The answer must be an exact copy of the lines from the one containing "this 1650×800 image." through the last line of the records, with the pictures left out.

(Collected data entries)
====================

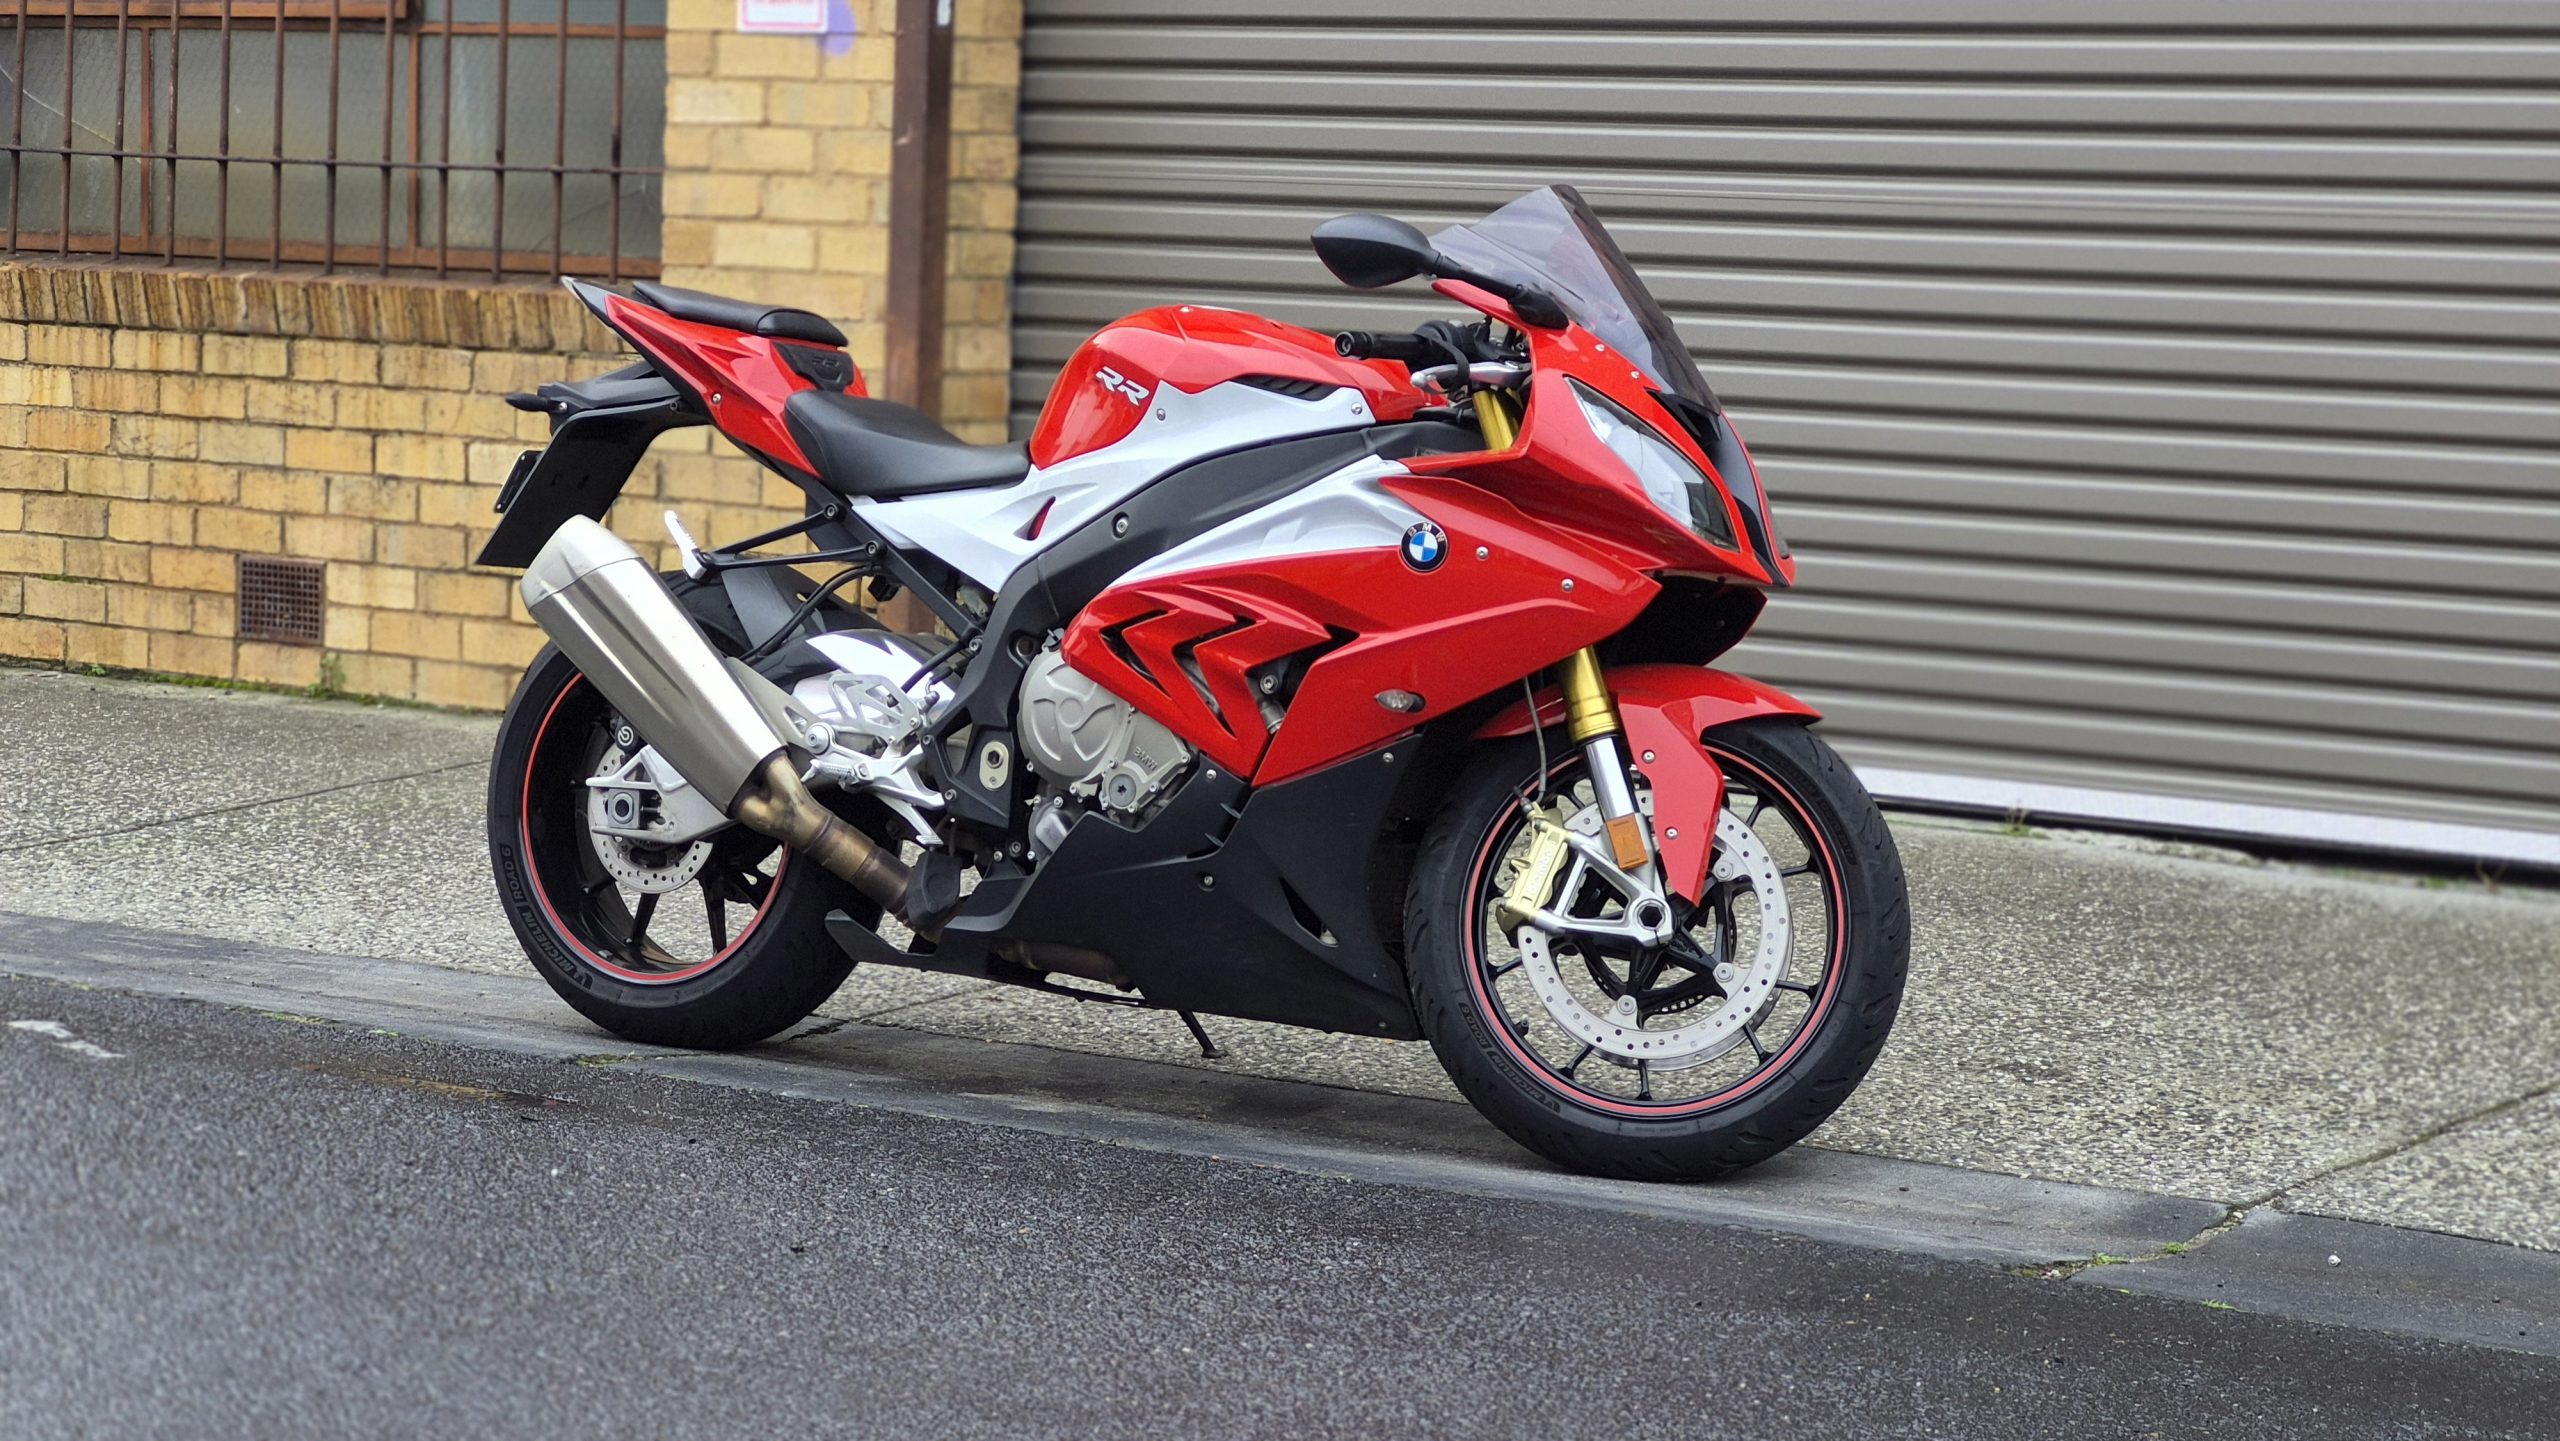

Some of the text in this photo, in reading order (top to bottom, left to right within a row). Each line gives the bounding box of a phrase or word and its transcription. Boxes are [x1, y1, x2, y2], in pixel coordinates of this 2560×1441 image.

[1095, 366, 1150, 406] RR
[1407, 522, 1445, 542] BMW
[505, 860, 525, 900] ROAD
[521, 911, 575, 977] MICHELIN
[1467, 1017, 1489, 1049] ROAD
[1492, 1055, 1544, 1099] MICHELIN
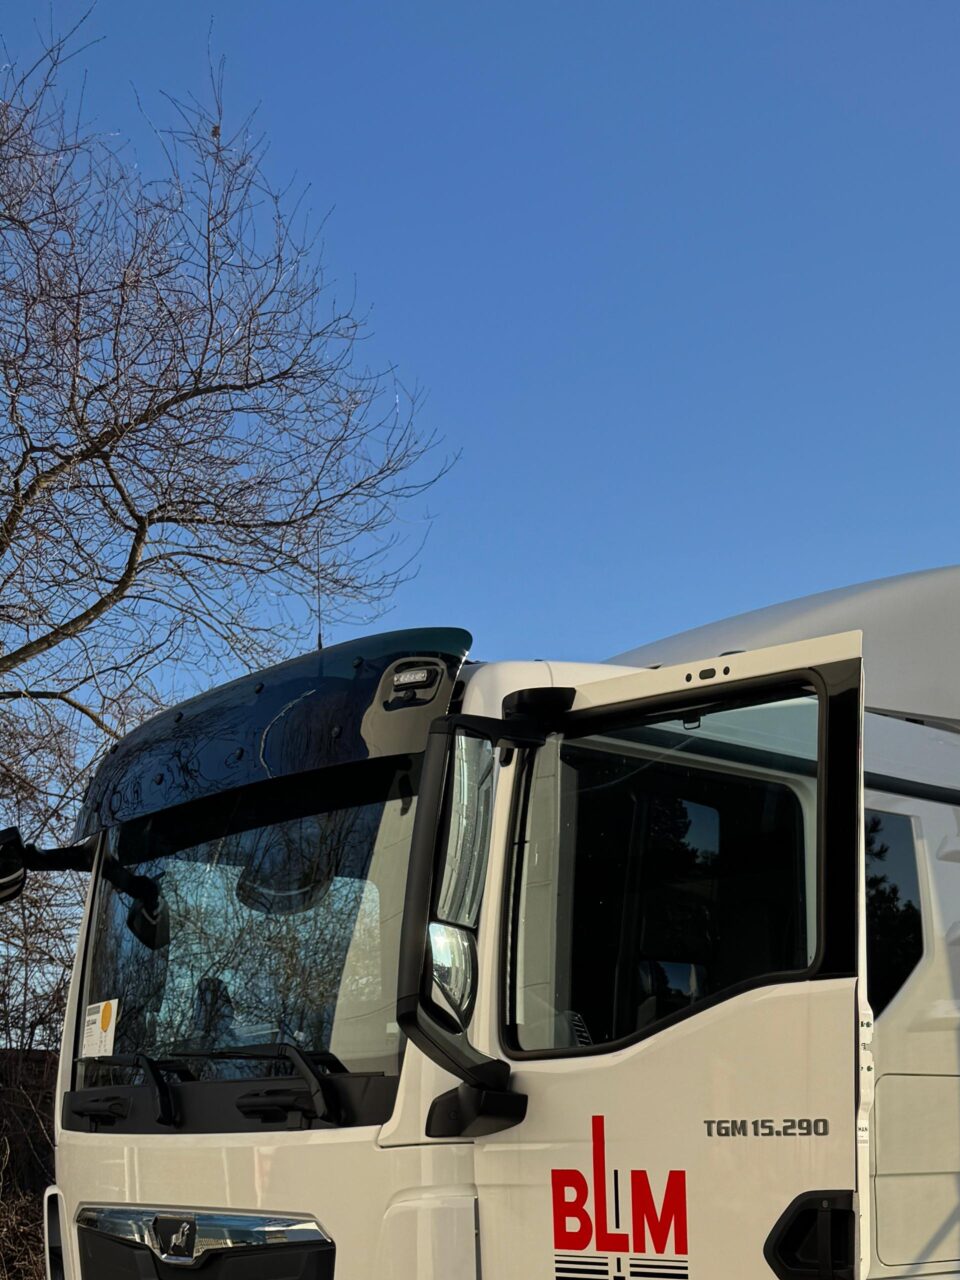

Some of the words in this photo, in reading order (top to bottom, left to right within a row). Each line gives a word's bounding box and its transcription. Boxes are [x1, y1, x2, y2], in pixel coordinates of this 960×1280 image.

[703, 1119, 748, 1137] TGM
[751, 1118, 829, 1137] 15.290
[551, 1115, 688, 1255] BLM
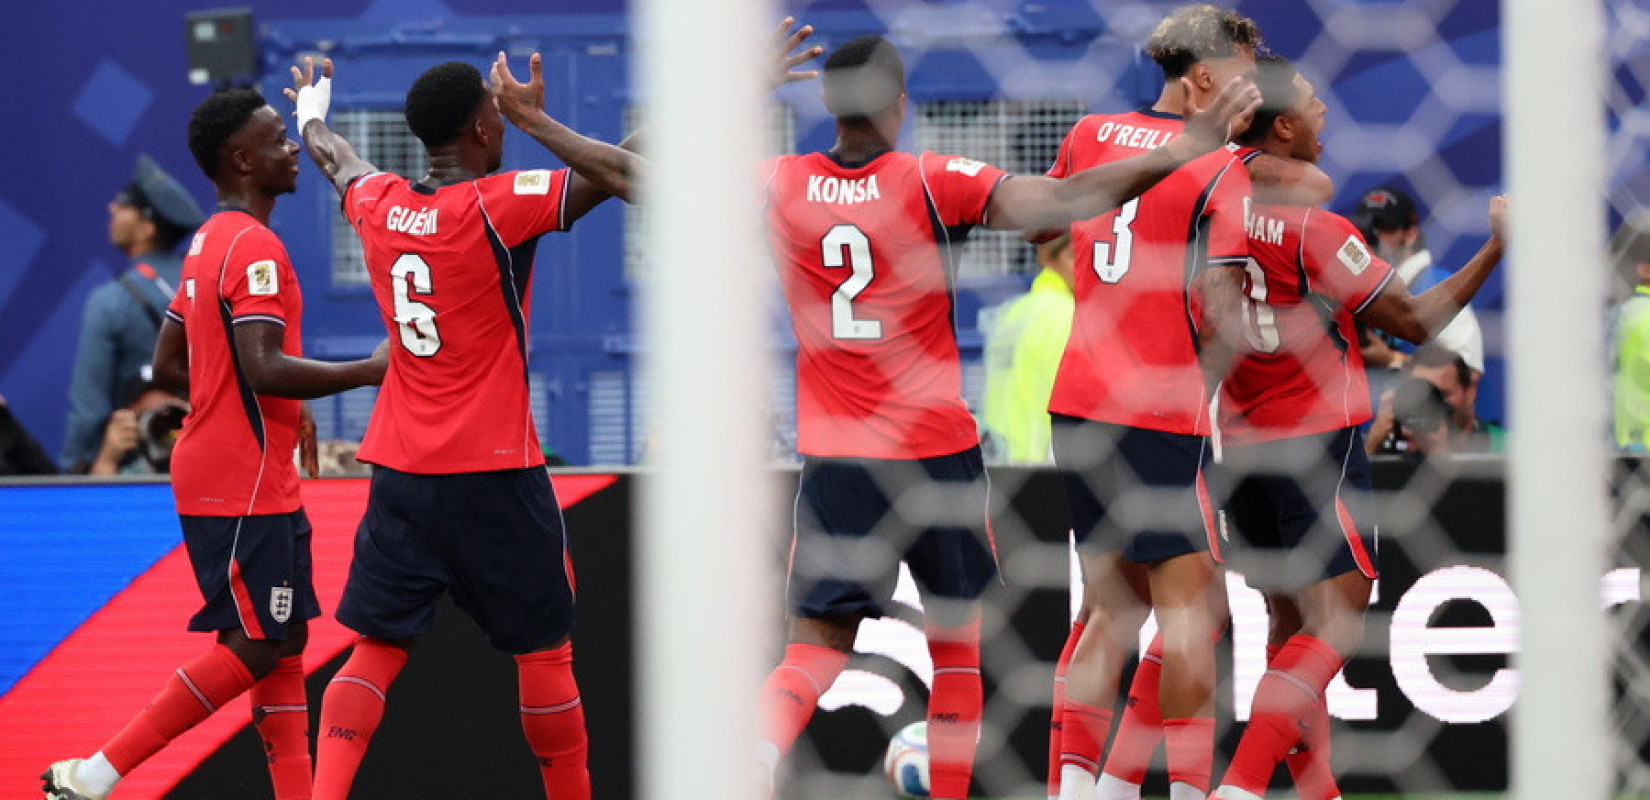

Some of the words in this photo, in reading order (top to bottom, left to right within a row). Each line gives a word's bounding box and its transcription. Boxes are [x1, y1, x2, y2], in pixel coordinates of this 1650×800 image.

[807, 174, 881, 204] KONSA
[821, 223, 883, 340] 2
[1094, 197, 1141, 284] 3
[389, 252, 444, 358] 6
[328, 726, 357, 741] ENG
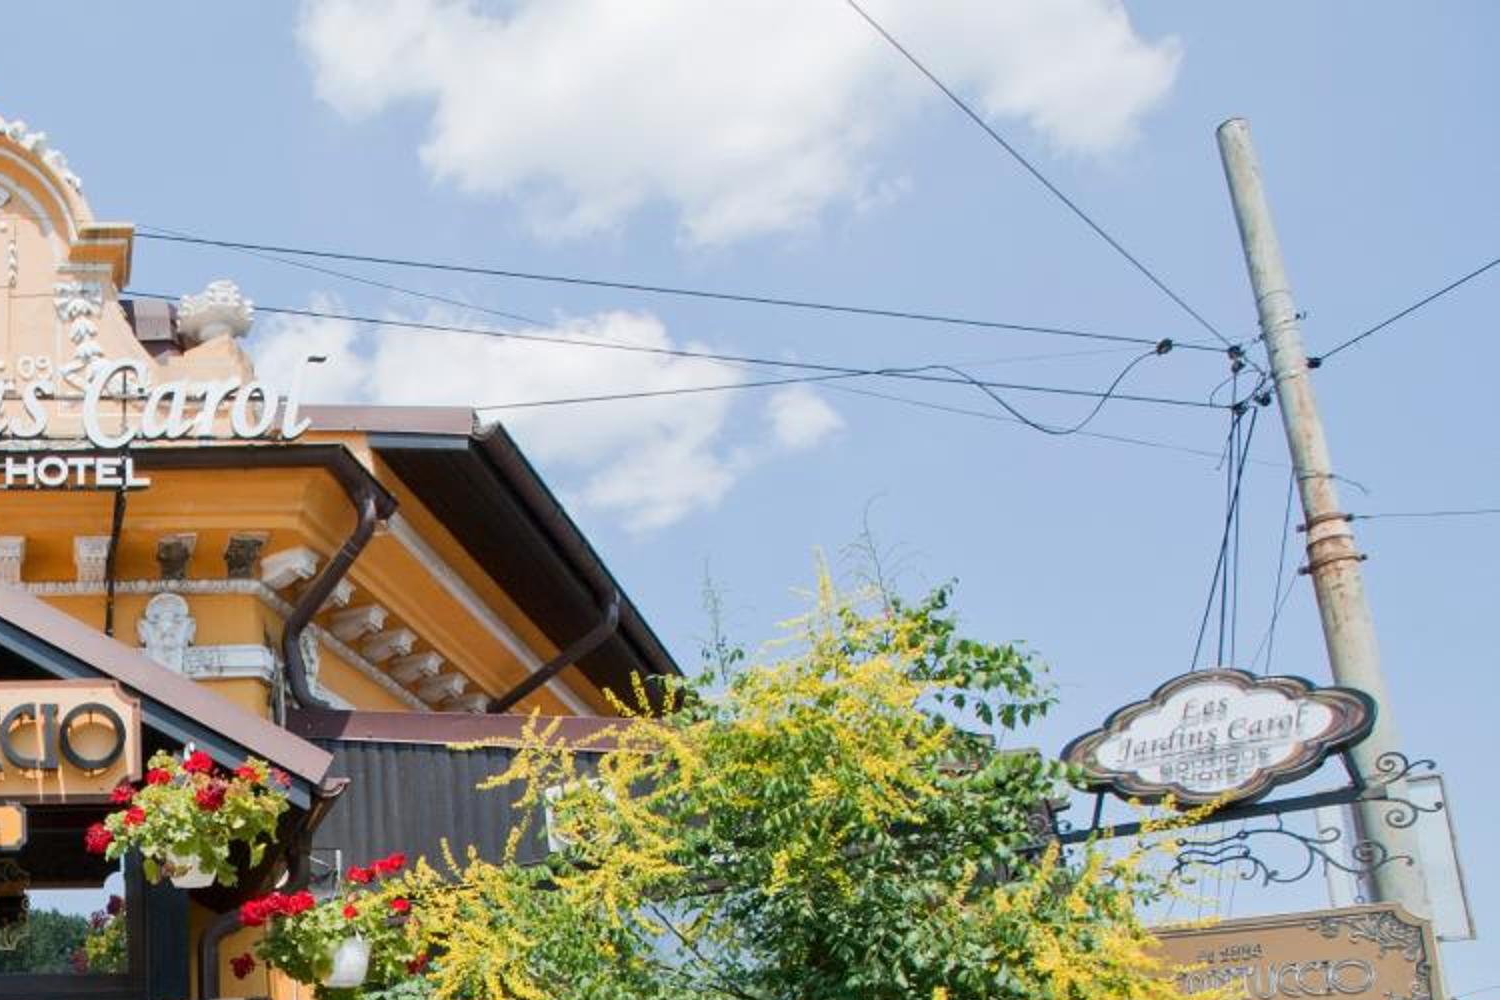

====================

TASK RESULT -
Some of the words in this photo, in reading order (top to bottom, left to right within a row). Each line gives a word's bounding box and its transcription. Boxes are [x1, y1, x2, y2], in pixel coordinates of this 1650×800 image.

[807, 174, 881, 204] KONSA
[821, 223, 883, 340] 2
[1094, 197, 1141, 284] 3
[389, 252, 444, 358] 6
[328, 726, 357, 741] ENG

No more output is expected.